Glycine-conjugated porphyrin fluorescent probe with iRGD for live cell imaging

Abstract

A porphyrin modified by glycine has been synthesized and developed as a near-infrared (NIR) fluorescence probe to detect tumor. Porphyrins’ longwavelength emission at ∼650nm can efficiently avoid the spectral crosstalk with Spontaneous fluorescence in the visible light region. A disulfide-based cyclic RGD peptide named iRGD c (CRGDKGPDC), a tumor homing peptide, harbors a cryptic C-end Rule (CendR) motif that is responsible for neuropilin-1 (NRP-1) binding and for triggering extravasation and tumor penetration of the peptide to improve the imaging sensitivity and therapeutic efficacy.
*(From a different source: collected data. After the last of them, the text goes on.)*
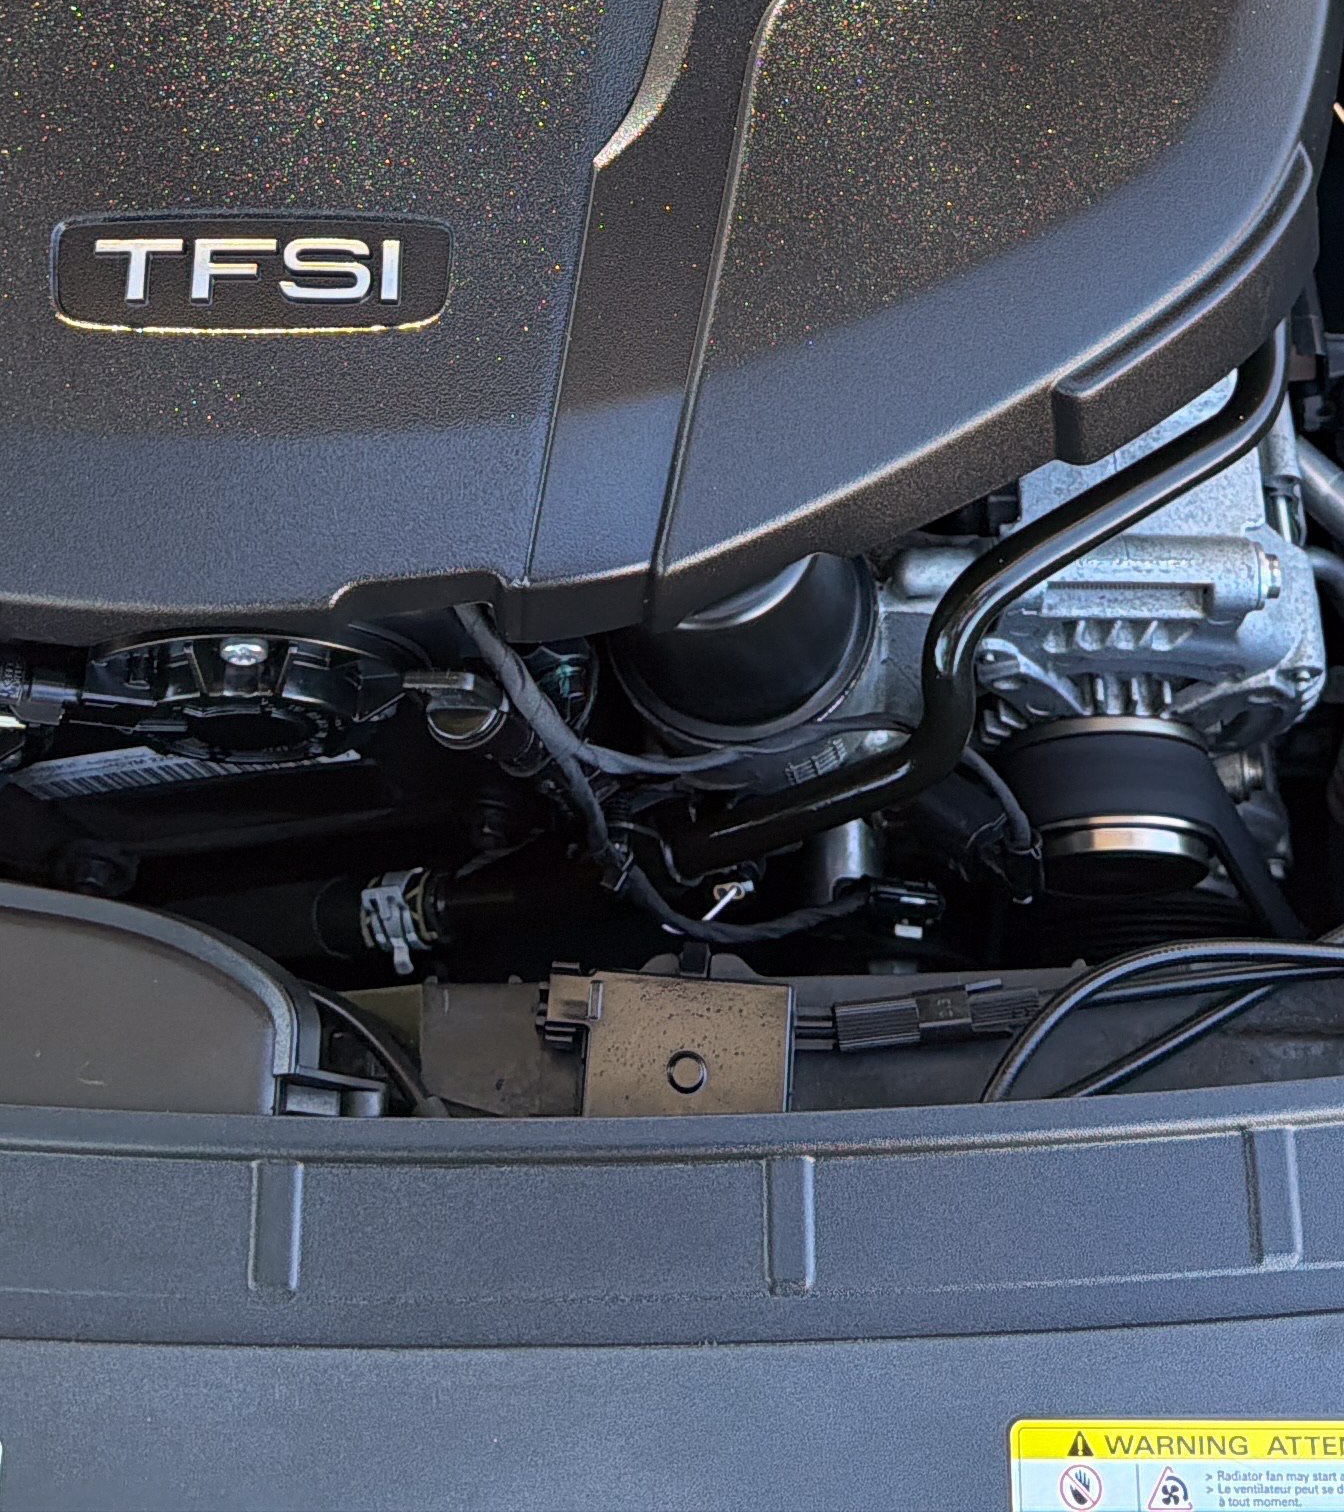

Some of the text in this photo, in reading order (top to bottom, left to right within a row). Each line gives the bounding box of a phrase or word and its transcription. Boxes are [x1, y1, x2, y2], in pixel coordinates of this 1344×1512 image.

[94, 237, 402, 304] TFSI
[1104, 1434, 1248, 1456] WARNING
[1217, 1470, 1263, 1482] Radiator
[1266, 1470, 1284, 1482] fan
[1286, 1471, 1310, 1484] may
[1312, 1471, 1337, 1482] start
[1218, 1484, 1231, 1495] Le
[1233, 1484, 1292, 1495] ventilateur
[1294, 1484, 1319, 1497] peut
[1321, 1485, 1334, 1495] se
[1228, 1497, 1251, 1507] tout
[1252, 1497, 1303, 1508] moment.
We used N − hydroxy succinimide as an activator to introduce the glycine methyl ester to detect tumor. We got a porphyrin modified by glycine. The affinity between probe and tumor cell entered GLC-82 cells (human glandular lung cancer cell line) can be observed by Confocal Microscope. The toxicity of probe has been identified by MTT Assay. The summary has been gotten that the porphyrins were nontoxic to GLC-82 cells and glycine modified porphyrin has a good affinity with GLC-82 cells under the iRGD function by our experiment.